(Image-backed grounding data)
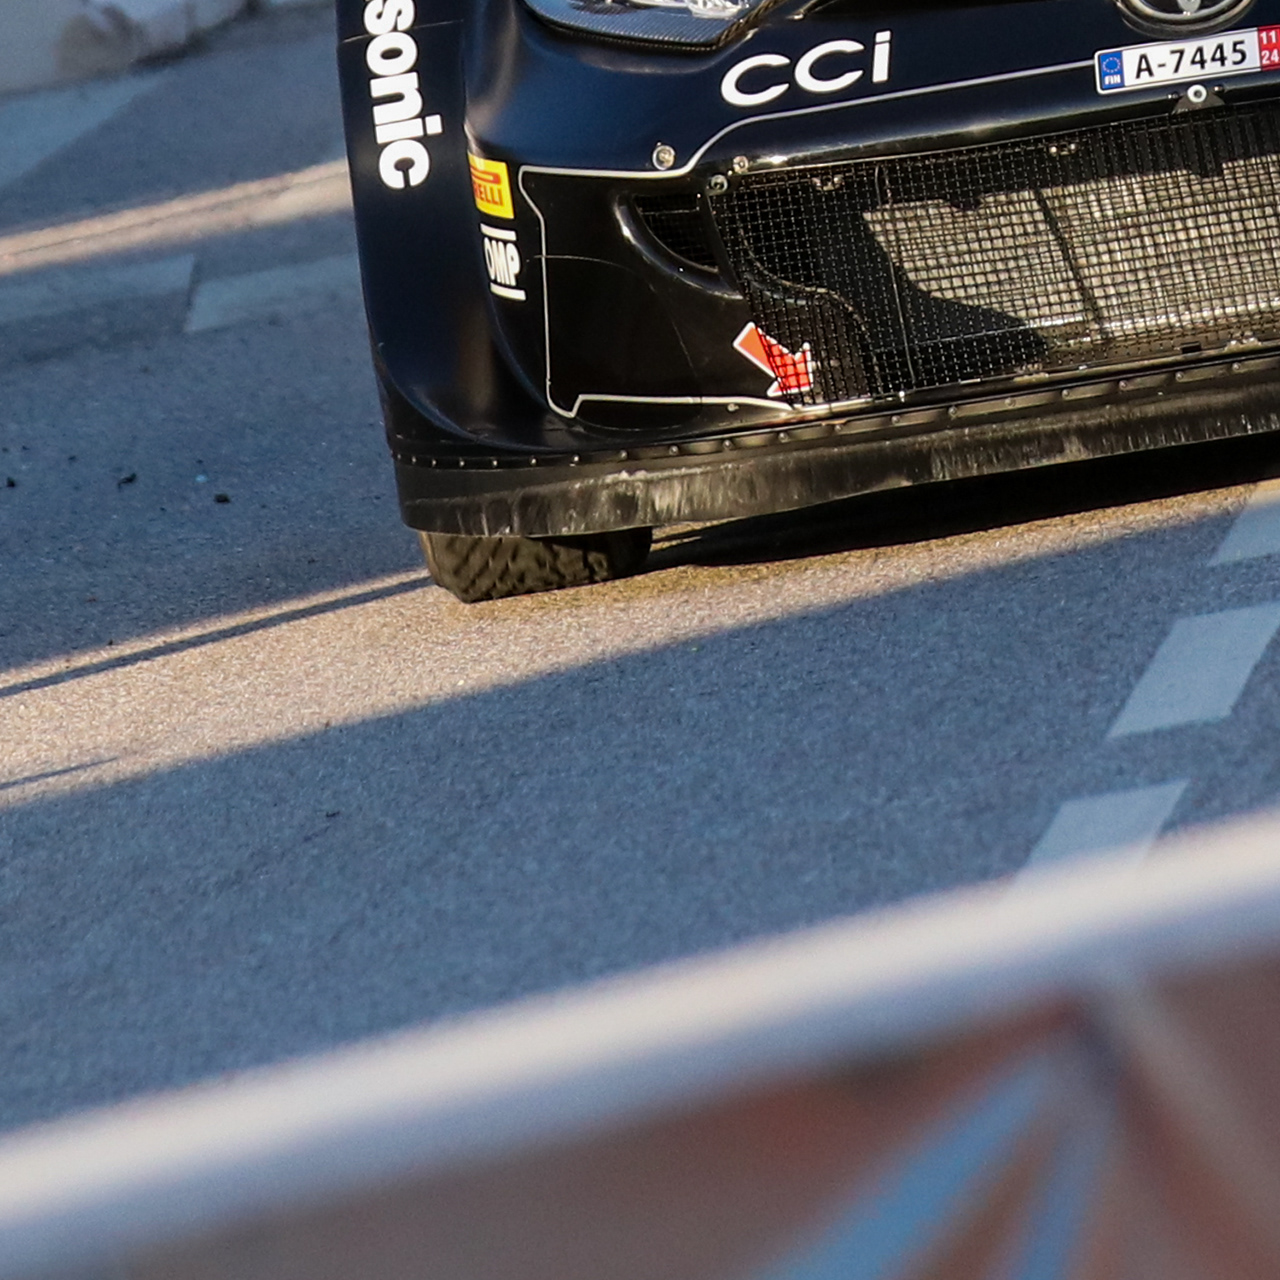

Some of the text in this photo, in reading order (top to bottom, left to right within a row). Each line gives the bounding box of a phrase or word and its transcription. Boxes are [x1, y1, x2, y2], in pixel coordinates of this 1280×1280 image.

[1259, 30, 1277, 45] 11
[1104, 40, 1247, 85] FIN A-7445
[1261, 49, 1280, 65] 24
[483, 236, 521, 287] OMP
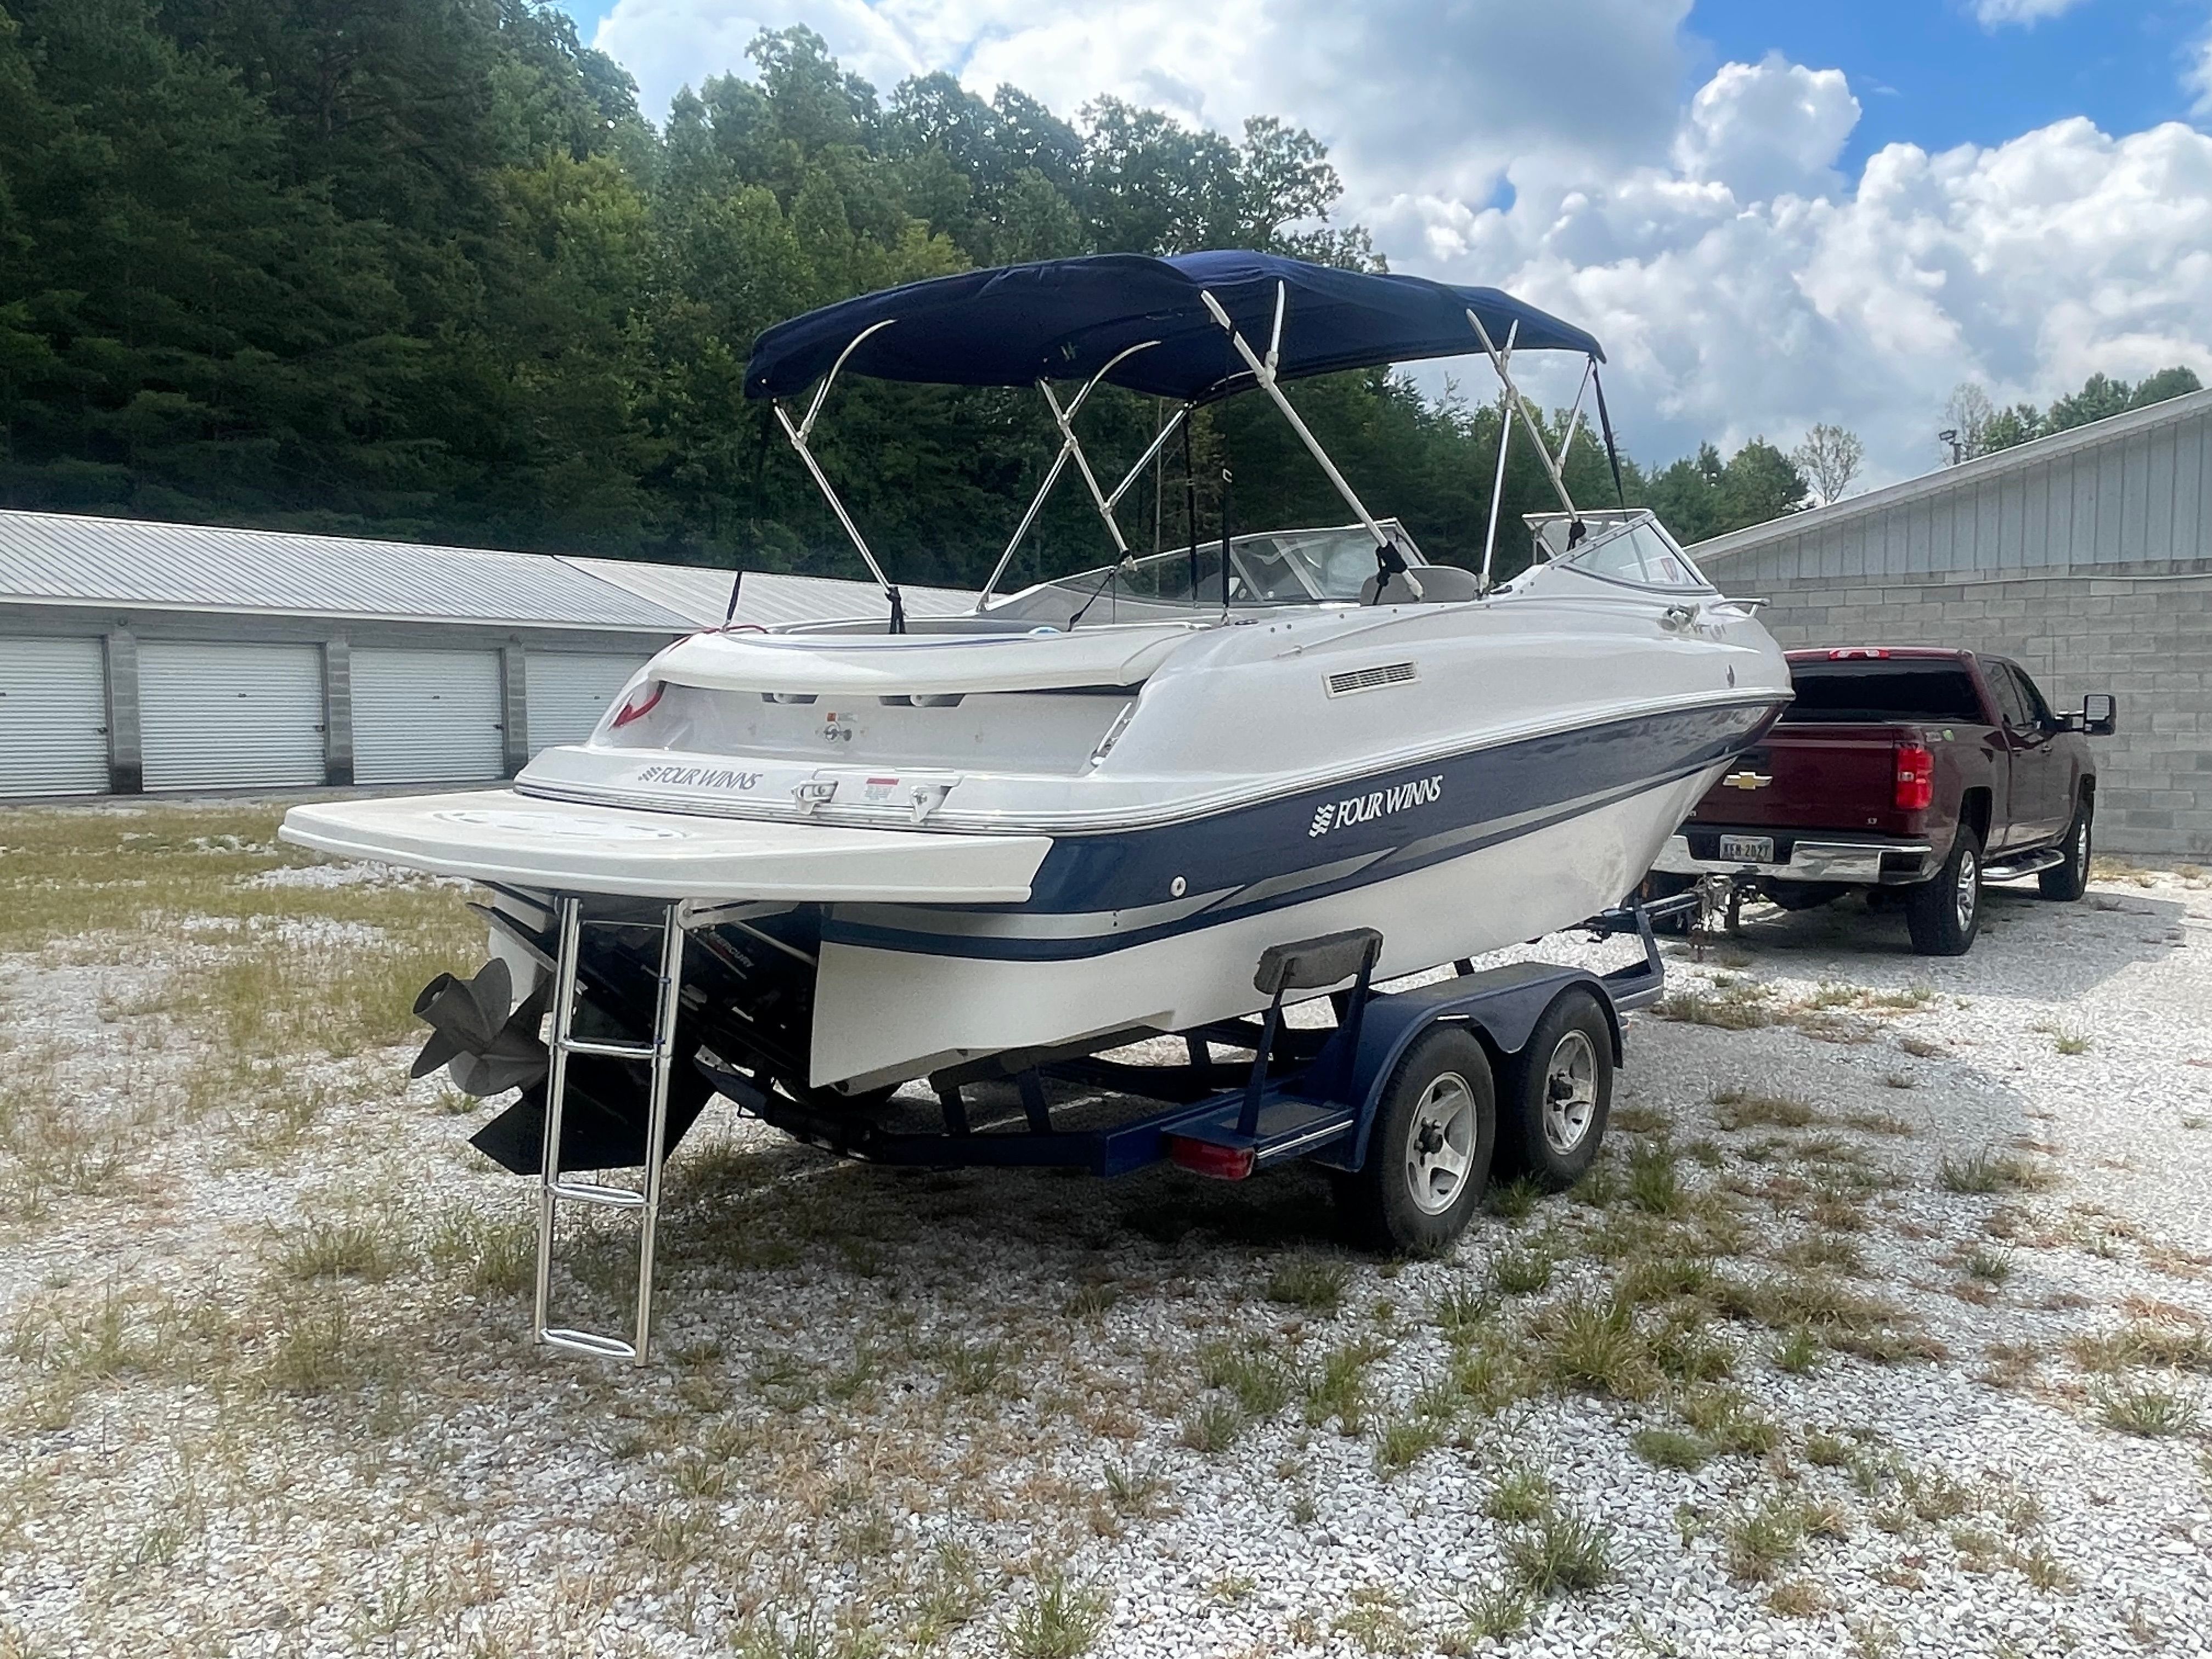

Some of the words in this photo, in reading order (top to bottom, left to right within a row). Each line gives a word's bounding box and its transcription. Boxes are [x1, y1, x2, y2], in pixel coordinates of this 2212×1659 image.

[654, 767, 701, 785] FOUR
[698, 770, 763, 789] WINNS
[1334, 792, 1384, 830] FOUR
[1385, 775, 1443, 814] WINNS

Task requirements
In your copy, omit the pictures and restate every line of the data word for word.

Output of the exercise
Some of the text in this photo, in reading order (top to bottom, left to right within a row). Each line gives the bounding box of a phrase or word and its transcription. Boxes are [x1, y1, x2, y2], in pixel coordinates of this 1280×1280 image.

[1259, 30, 1277, 45] 11
[1104, 40, 1247, 85] FIN A-7445
[1261, 49, 1280, 65] 24
[483, 236, 521, 287] OMP

Some of the words in this photo, in reading order (top to bottom, left to right within a row). Each line gives a word's bounding box and its transcription. Boxes are [x1, y1, x2, y2], in pixel coordinates of this 2212×1659 image.

[654, 767, 701, 785] FOUR
[698, 770, 763, 789] WINNS
[1334, 792, 1384, 830] FOUR
[1385, 775, 1443, 814] WINNS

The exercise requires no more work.